Thursday, 16 February 2012

Whitney Houston Funeral To Be Shown Online


Whitney Houston's funeral will be streamed live on the internet and, it was announced yesterday. The revelation will please her grieving fans, who were disappointed to learn that the star's funeral would be a private affair. There will also be no public memorial service for the iconic singer. But members of the public wishing to pay their respects to Ms Houston will be able to do so by following online as she is laid to rest. The Associated Press has been granted the right to film the ceremony, which takes place on Saturday in the singer's hometown of Newark, New Jersey.

The funeral will be streamed on the AP's website, and will also be made available to broadcasters. While the service at New Hope Baptist Church will be not be open to the public, that has not stopped Ms Houston's fans from bringing flowers as and other gifts as tributes to the singer.

The church, where Ms Houston sang as a child, has become one of several sites where people have gathered to remember the singer since her death last Saturday night at the age of 48. She is also being remembered by the New Jersey government, after governor Chris Christie ordered state buildings to lower their flags on the day of the funeral.


Ms Houston's decline from world-beating success into damaging drug addiction has been blamed by some on her turbulent marriage to singer Bobby Brown, and it has been reported that Ms Houston's family asked Mr Brown to stay away from her funeral.
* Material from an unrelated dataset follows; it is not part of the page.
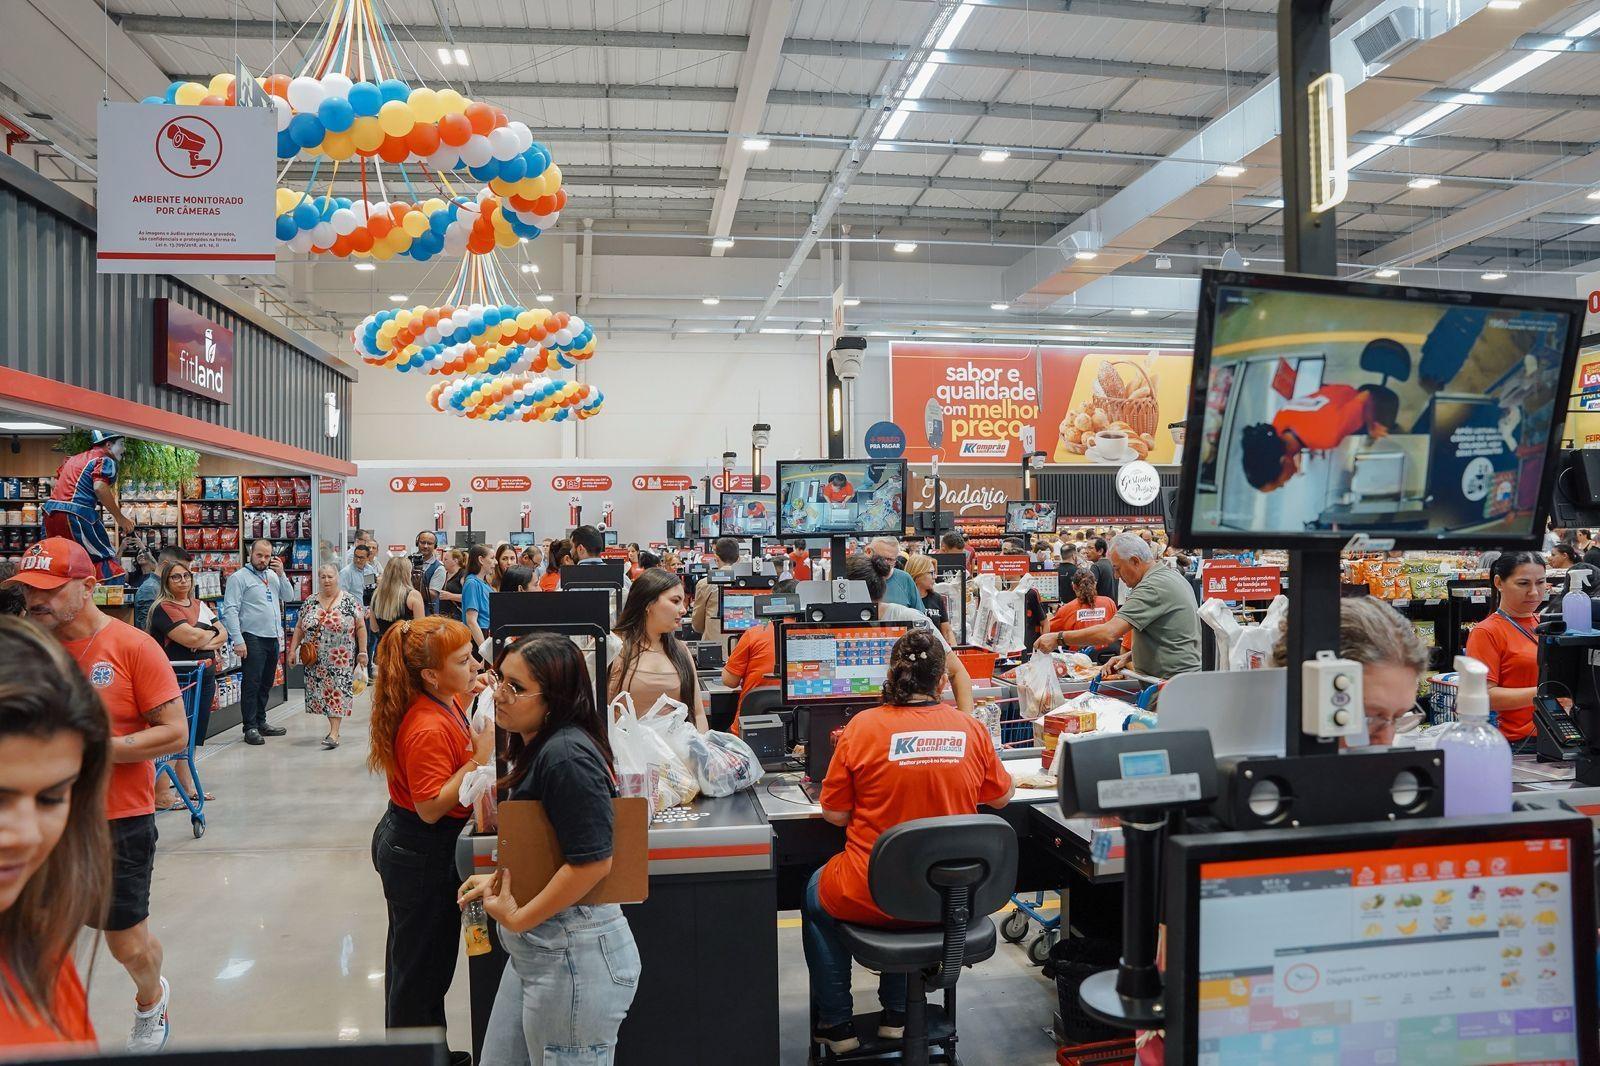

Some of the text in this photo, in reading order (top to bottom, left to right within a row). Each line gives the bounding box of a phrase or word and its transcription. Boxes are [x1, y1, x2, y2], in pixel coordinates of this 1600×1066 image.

However, he has insisted that those reports are false, and that he will attend the ceremony in order to support the couple's 18-year-old daughter, Bobbi Kristina. There is believed to have been disagreement among the Houston family as to where the singer should be buried. Whitney's mother Cissy and her cousin Dionne Warwick are said to have argued that she should be laid to rest in Atlanta, but other relatives who argued for Newark won the day. She may be buried alongside her father, army serviceman and entertainment executive John Houston, who died in 2003.